Problem statement:
Below is a block of entries, which should be copied verbatim apart from the pictures.

Stored data entries:
___

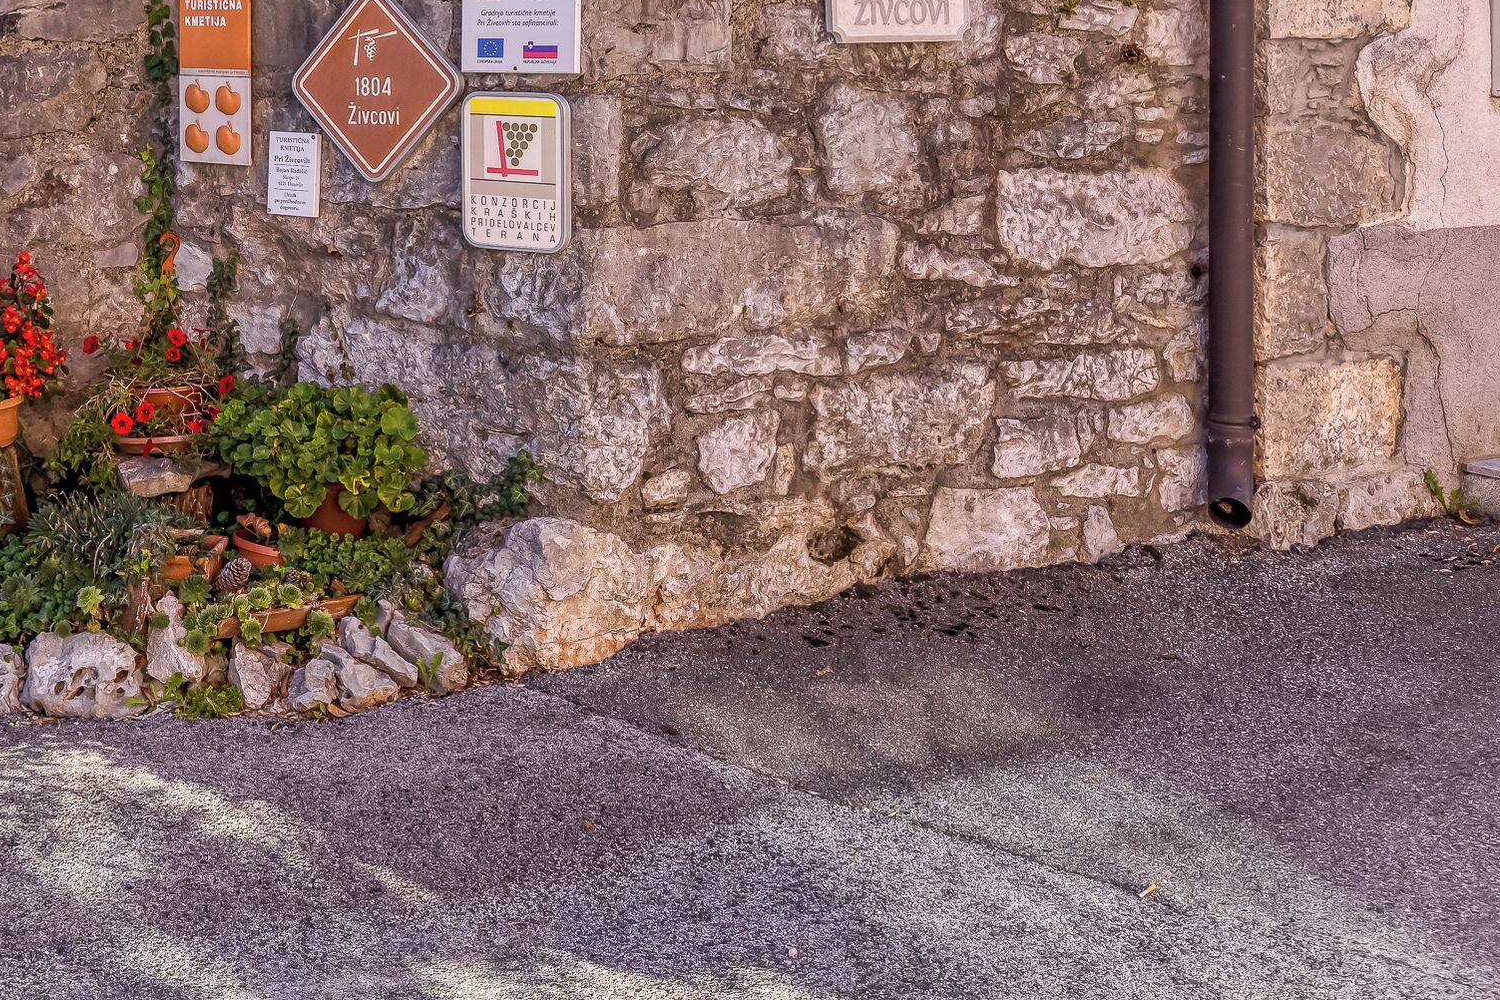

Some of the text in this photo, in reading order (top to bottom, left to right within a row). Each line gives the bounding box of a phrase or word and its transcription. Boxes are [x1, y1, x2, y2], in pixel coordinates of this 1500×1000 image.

[480, 8, 556, 18] Gradnjo turistične kmetije
[184, 15, 227, 27] KMETIJA
[355, 76, 391, 96] 1804
[348, 101, 400, 125] Živcovi
[276, 136, 310, 144] TURISTIČNA
[280, 145, 305, 153] KMETIJA
[274, 155, 284, 163] Pri
[470, 195, 556, 210] KONZORCIJ
[470, 207, 556, 221] KRAŠKIH
[470, 216, 556, 232] PRIDELOVALCEV
[471, 227, 556, 243] TERANA

___

Reply:
Some of the text in this photo, in reading order (top to bottom, left to right within a row). Each line gives the bounding box of a phrase or word and its transcription. Boxes are [x1, y1, x2, y2], in pixel coordinates of this 1500×1000 image.

[480, 8, 556, 18] Gradnjo turistične kmetije
[184, 15, 227, 27] KMETIJA
[355, 76, 391, 96] 1804
[348, 101, 400, 125] Živcovi
[276, 136, 310, 144] TURISTIČNA
[280, 145, 305, 153] KMETIJA
[274, 155, 284, 163] Pri
[470, 195, 556, 210] KONZORCIJ
[470, 207, 556, 221] KRAŠKIH
[470, 216, 556, 232] PRIDELOVALCEV
[471, 227, 556, 243] TERANA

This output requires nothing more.